結局、基礎インスリンの補充が不要になることはありませんでした。肩関節周囲炎によるインスリン抵抗性なのかストレスなのか、それとも尿糖が3ヶ月連続「4+」を示すような高血糖状態が膵臓にダメージを与えたのかは不明です。

2009年2月の血糖自己測定平均値
  • 朝食前:91, 後:240 [mg/dl]
  • 昼食前:111, 後:142 [mg/dl]
  • 夕食前:76, 後: 164 [mg/dl]
  • 就寝前:103 [mg/dl]

インスリン量:7-4-4-5(朝食前-昼食前-夕食前-就寝前)[単位]。来月から7-3-4-4[単位]に変更。

肩関節周囲炎が「ハネムーン期」を終わらせた

さて、HbA1c(JDS値)[%]の推移とインスリン処方量[単位]の関係(に加えて朝食前血糖値と朝食後血糖値[mg/dl])を見てみます。

  • 2007年11月:退院
  • 2007年12月:8.4 / 9-6-8-0(80 / -)
  • 2008年1月:5.8 / 7-5-6-0(85 / -)
  • 2008年2月:5.2 / 6-4-5-0(88 / -)
  • 2008年3月:5.2 / 5-3-4-0(86 / -)
  • 2008年4月:5.4 / 5-3-4-0(86 / -)
  • 2008年5月:5.5 / 5-3-4-0(91 / 188)
  • 2008年6月:5.6 / 5-3-4-0(106 / 197)
  • 2008年7月:5.7 / 5-3-4-0(116 / 231)
  • 2008年8月:5.8 / 5-3-4-0(112 / 236)右肩に違和感
  • 2008年9月:5.9 / 5-3-4-0(125 / 279)
  • 2008年10月:6.3 / 7-3-4-0(169 / 256)
  • 2008年11月:7.1 / 7-3-4-4(150 / 256)肩関節周囲炎と診断、抗炎症剤注射
  • 2008年12月:7.3 / 7-4-4-6(133 / 207)
  • 2009年1月:7.1 / 7-4-4-6(96 / 179)
  • 2009年2月:6.4 / 7-4-4-5(91 / 240)
  • 2009年3月:6.0 / 7-3-4-4(103 / 217)

退院後のHbA1c(JDS)は5[%]前半まで良くなり、基礎インスリンも必要ありませんでした。

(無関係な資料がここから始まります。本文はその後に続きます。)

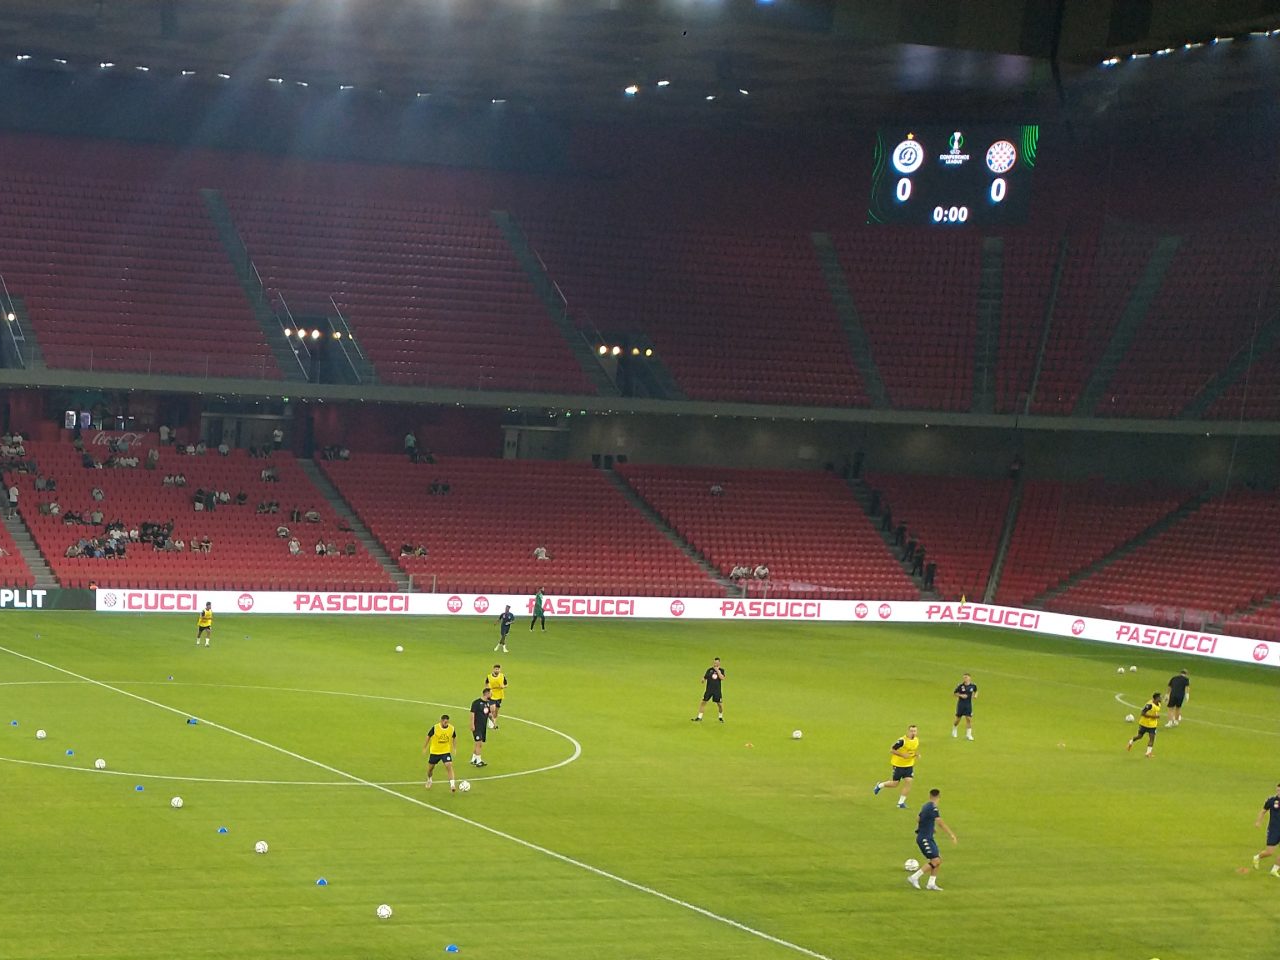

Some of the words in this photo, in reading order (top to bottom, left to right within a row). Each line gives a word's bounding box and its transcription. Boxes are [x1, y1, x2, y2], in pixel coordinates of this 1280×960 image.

2008年3月のボトム値以降、HbA1cは漸増し続け、2008年9月までインスリン量はそのままです。この時期は、いわゆる「ハネムーン期」と思われます。肩関節周囲炎が「ハネムーン期」を終わらせたようです。

合併症を防ぐための血糖コントロールの目標(HbA1c(JDS)6.5[%]未満)を満たせなくなったとき、何らかのアクションが必要です。2008年11月から、基礎インスリン注射の追加が行なわれました。

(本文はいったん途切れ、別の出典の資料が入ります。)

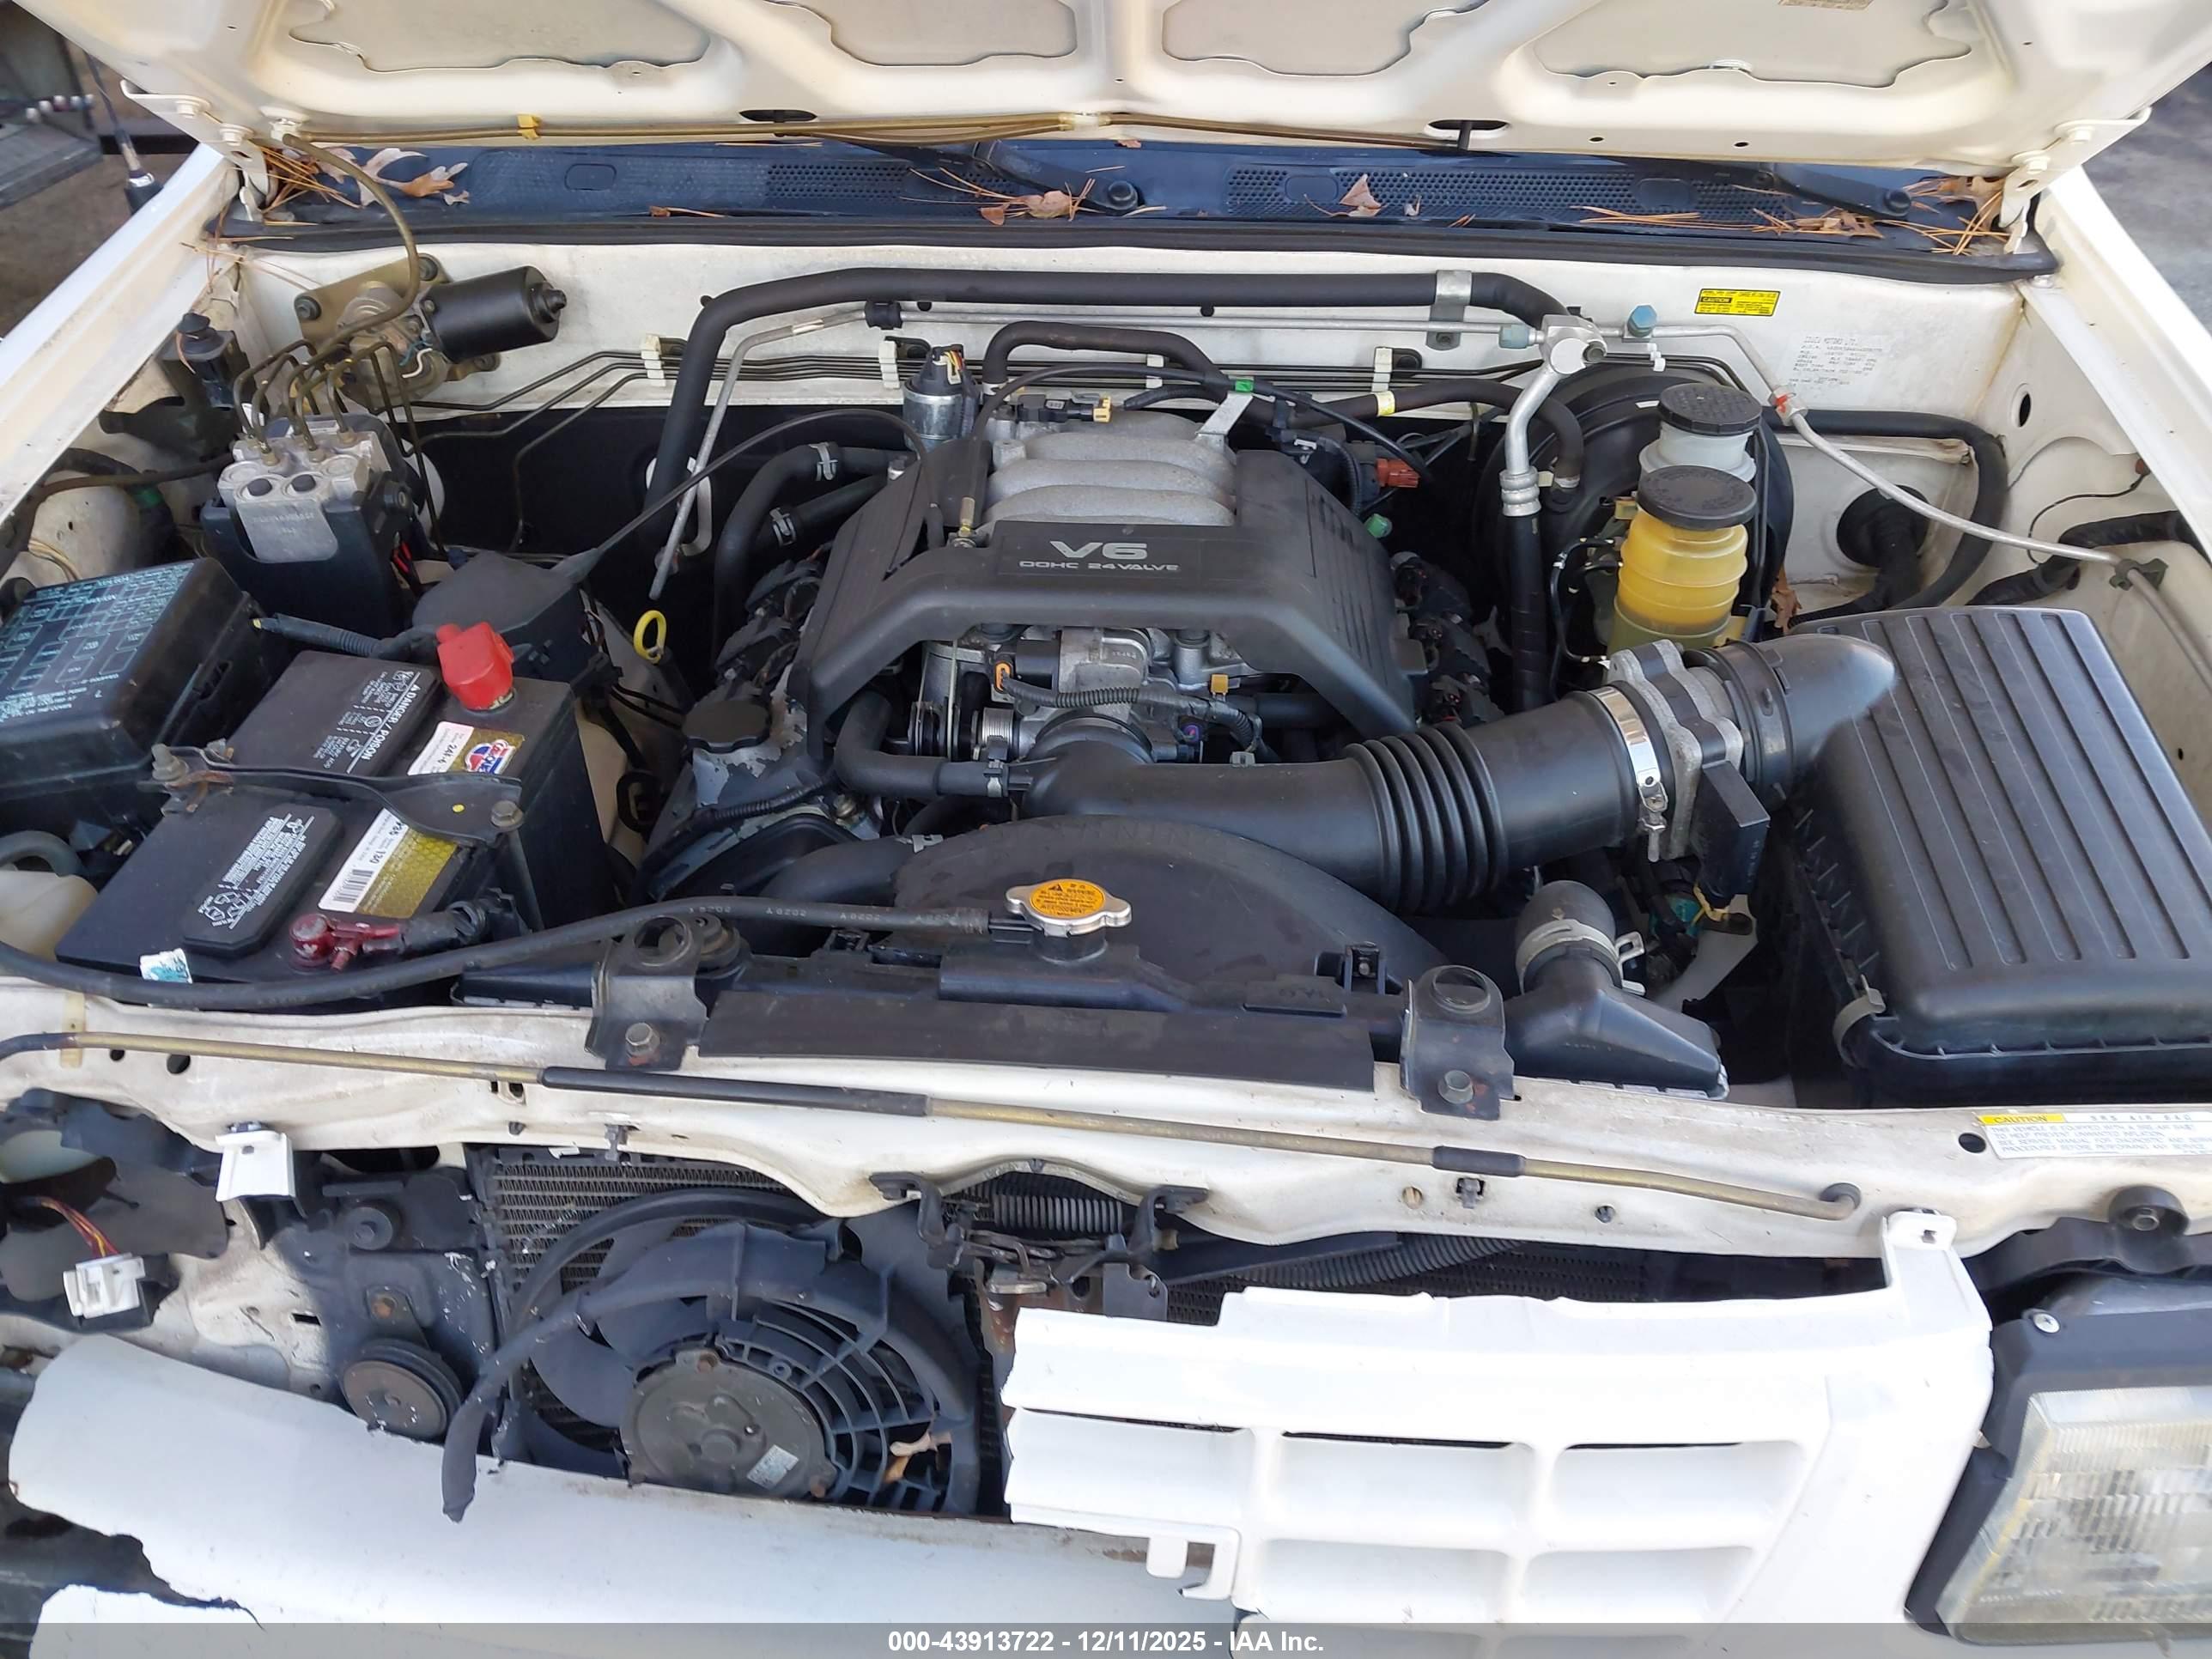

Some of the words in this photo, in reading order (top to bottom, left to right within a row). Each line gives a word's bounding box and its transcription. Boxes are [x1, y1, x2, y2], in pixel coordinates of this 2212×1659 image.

[1048, 540, 1148, 560] V6
[1018, 560, 1079, 569] DOHC
[389, 691, 417, 725] DANGER
[361, 728, 390, 761] POISON
[1993, 1115, 2049, 1125] CAUTION

しかし、主治医は、HbA1cが下がるとすぐにインスリン量を減らします。早朝の低血糖を避けるためには仕方がないでしょう。

主治医に食後血糖が高いことについて質問すると「食事の吸収を遅らせる薬がある」とのこと。焼肉など脂っこい食事をすると、超速効型インスリンでは後半に血糖が上昇するという経験がありますので、解決にはならない気がします。